The M.S. Whitcomb Farm is a historic farm property on United States Route 2 in Richmond, Vermont. Established in the 1850s as a horse farm, it has seen agricultural use in some form since then. Its most distinguishing feature is a large bank barn with a monitor roof, built in 1901. The property, now 170 acre, was listed on the National Register of Historic Places in 1993.

==Description and history==
The Whitcomb Farm property is located about 1.5 mi east of the village center of Richmond, on a roughly triangular parcel that abuts Interstate 89 to the south and is divided by US 2. The area south of US 2 is mainly bottomlands of the Winooski River, and have traditionally been used for crops, while the area north of that road is hillier, and has traditionally been used as pastureland. The farmstead complex is set on the north side of US 2, and is roughly centered on the farm's road frontage.
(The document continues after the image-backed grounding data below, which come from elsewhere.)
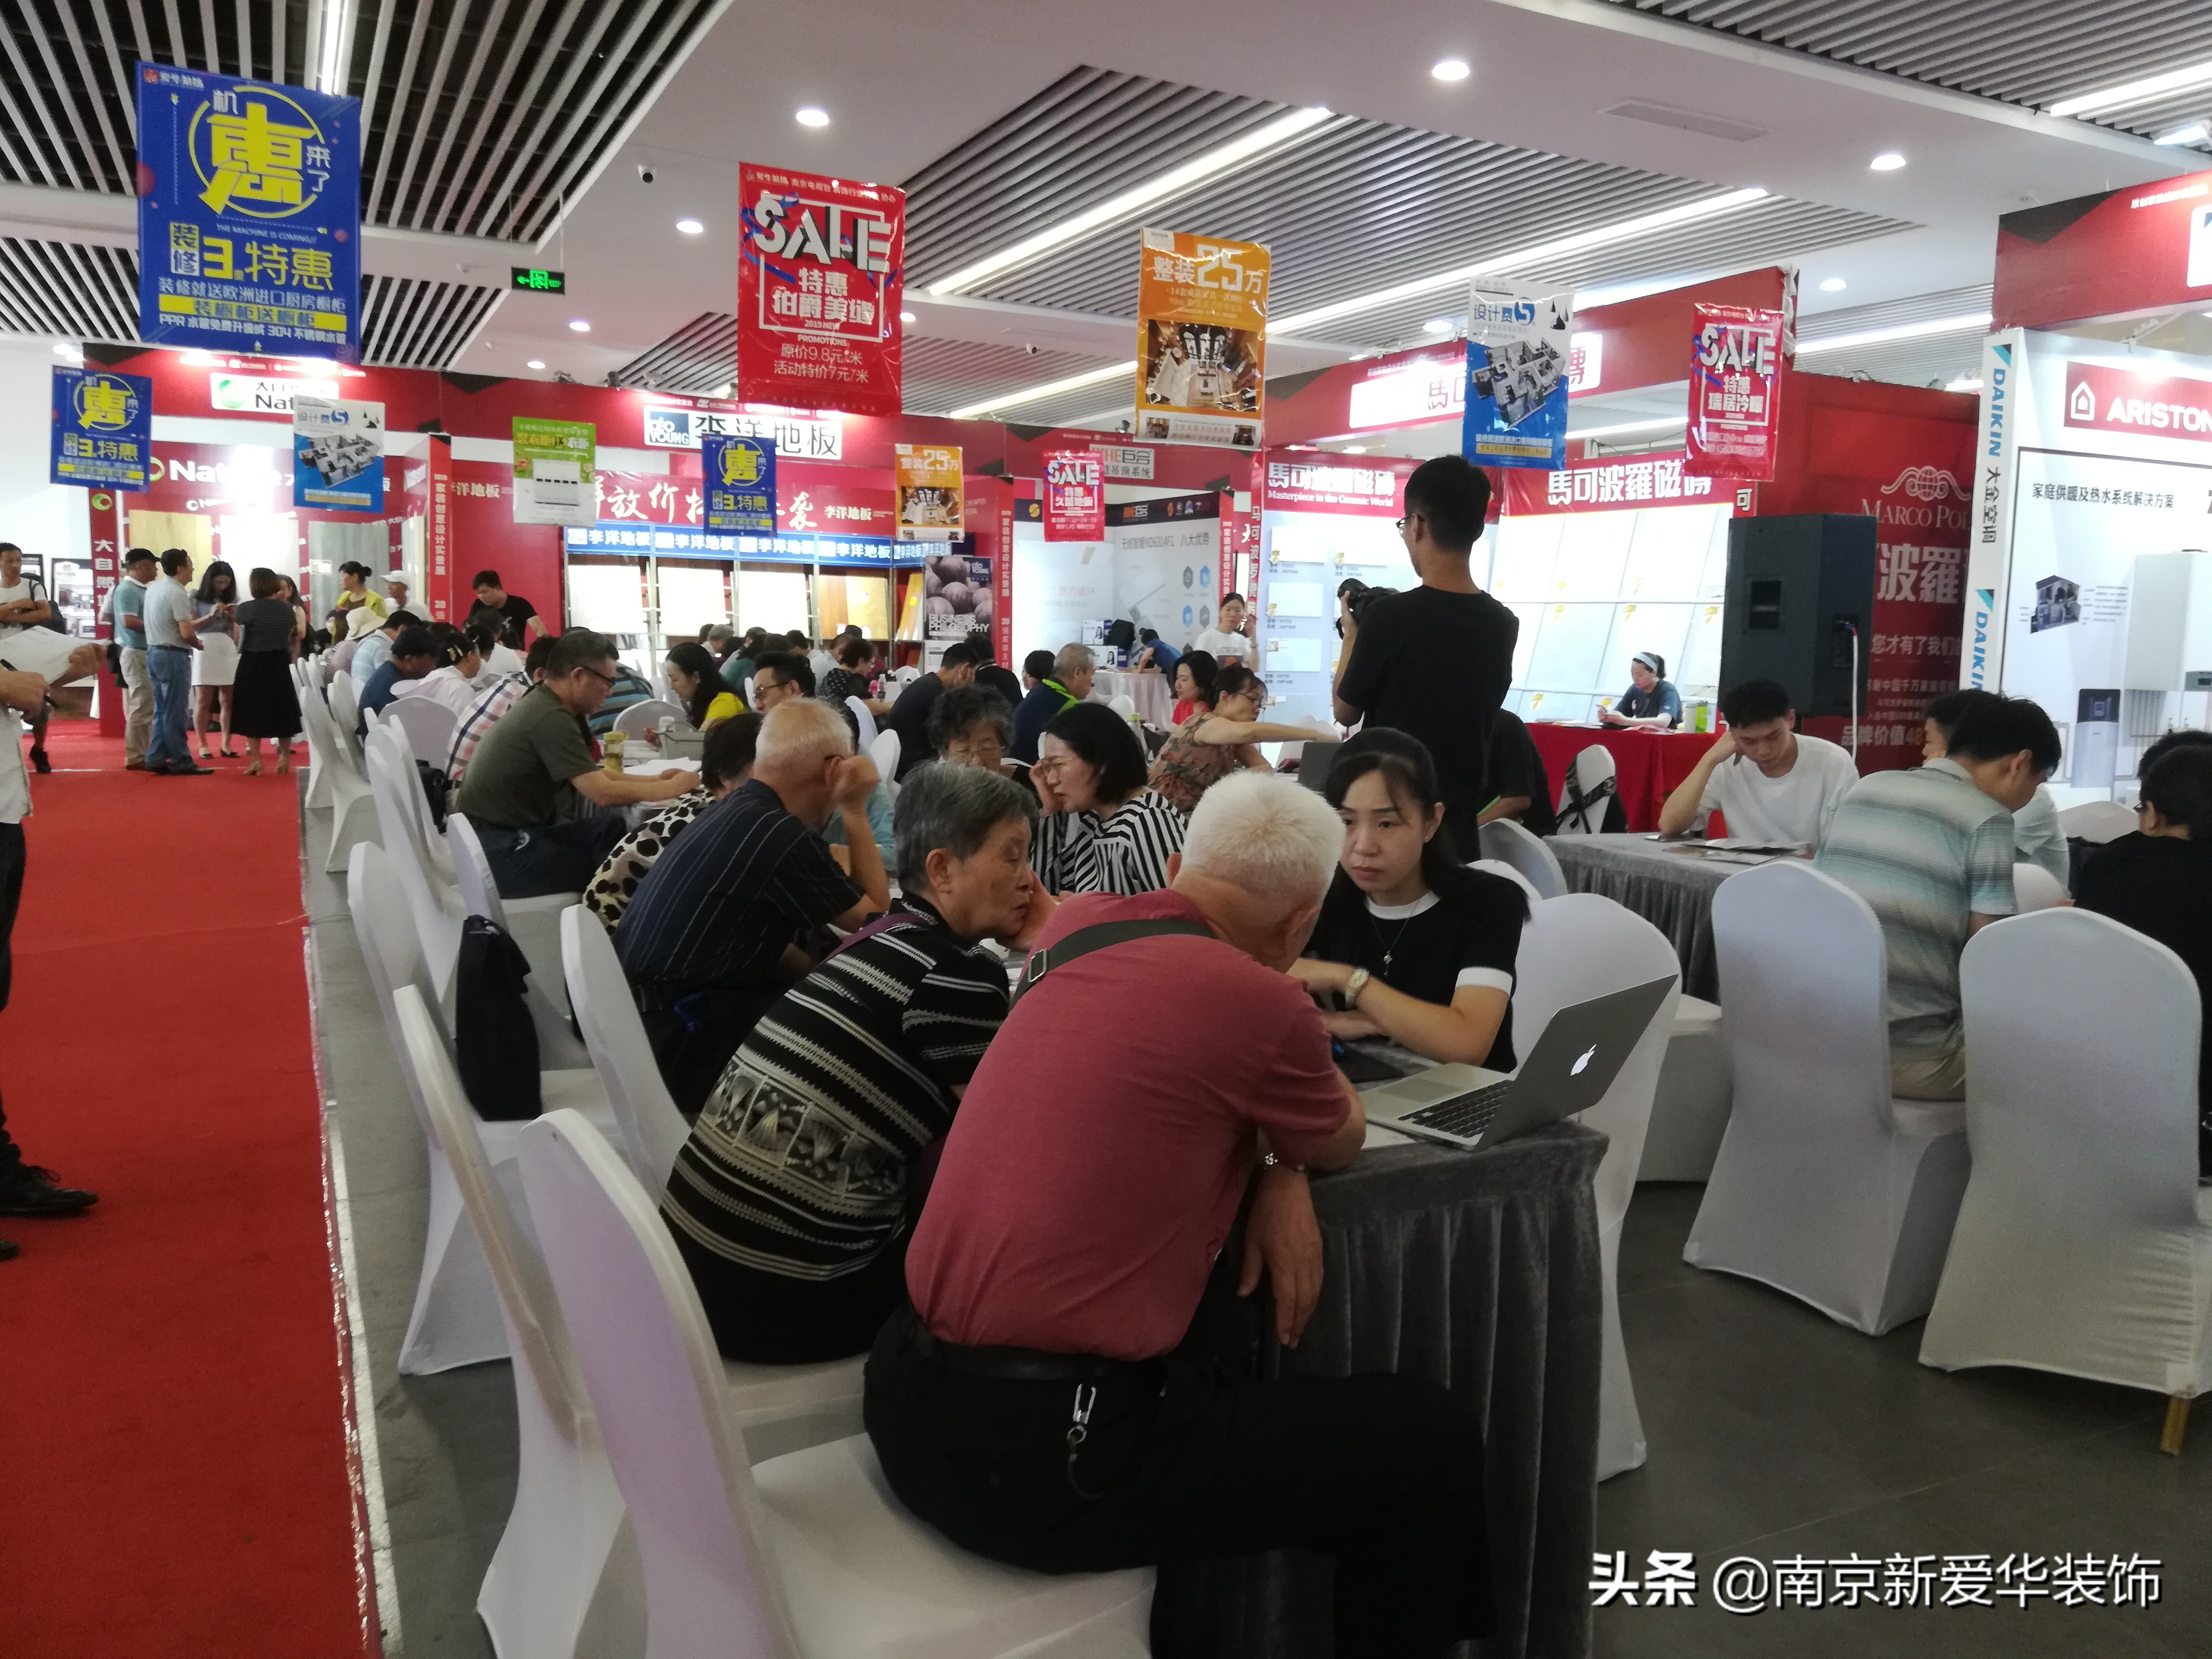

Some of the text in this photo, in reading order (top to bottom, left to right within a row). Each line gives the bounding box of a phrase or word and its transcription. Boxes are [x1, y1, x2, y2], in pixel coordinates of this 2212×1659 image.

[753, 197, 892, 273] SALE
[798, 267, 848, 296] 特惠
[797, 334, 848, 347] PROMOTIONS
[1700, 327, 1776, 375] SALE
[1723, 375, 1751, 394] 特惠
[255, 394, 294, 410] Nat
[1988, 368, 2006, 457] DAIKIN
[2106, 397, 2212, 433] ARISTON
[650, 431, 690, 445] YOUNG
[1047, 461, 1099, 485] SALE
[1268, 490, 1315, 503] Masterpiece
[1370, 497, 1394, 507] World
[2032, 483, 2175, 508] 家庭供暖及热水系统解决方案
[824, 505, 872, 521] 李洋地板
[836, 542, 891, 559] 李洋地板
[1876, 543, 1969, 604] 波羅
[929, 613, 976, 624] BUSINESS
[929, 623, 990, 633] PHILOSOPHY
The complex's most prominent feature, visible from the interstate, is a large three-story bank barn with a monitor roof. At the western end of the farmstead is a 2-1/2 story wood frame farmhouse with Italianate appearance; it is a reconstruction (using some surviving elements) of an 1875 building that burned down in 1982. To the right of the bank barn is a round-roofed metal storage barn built about 1975.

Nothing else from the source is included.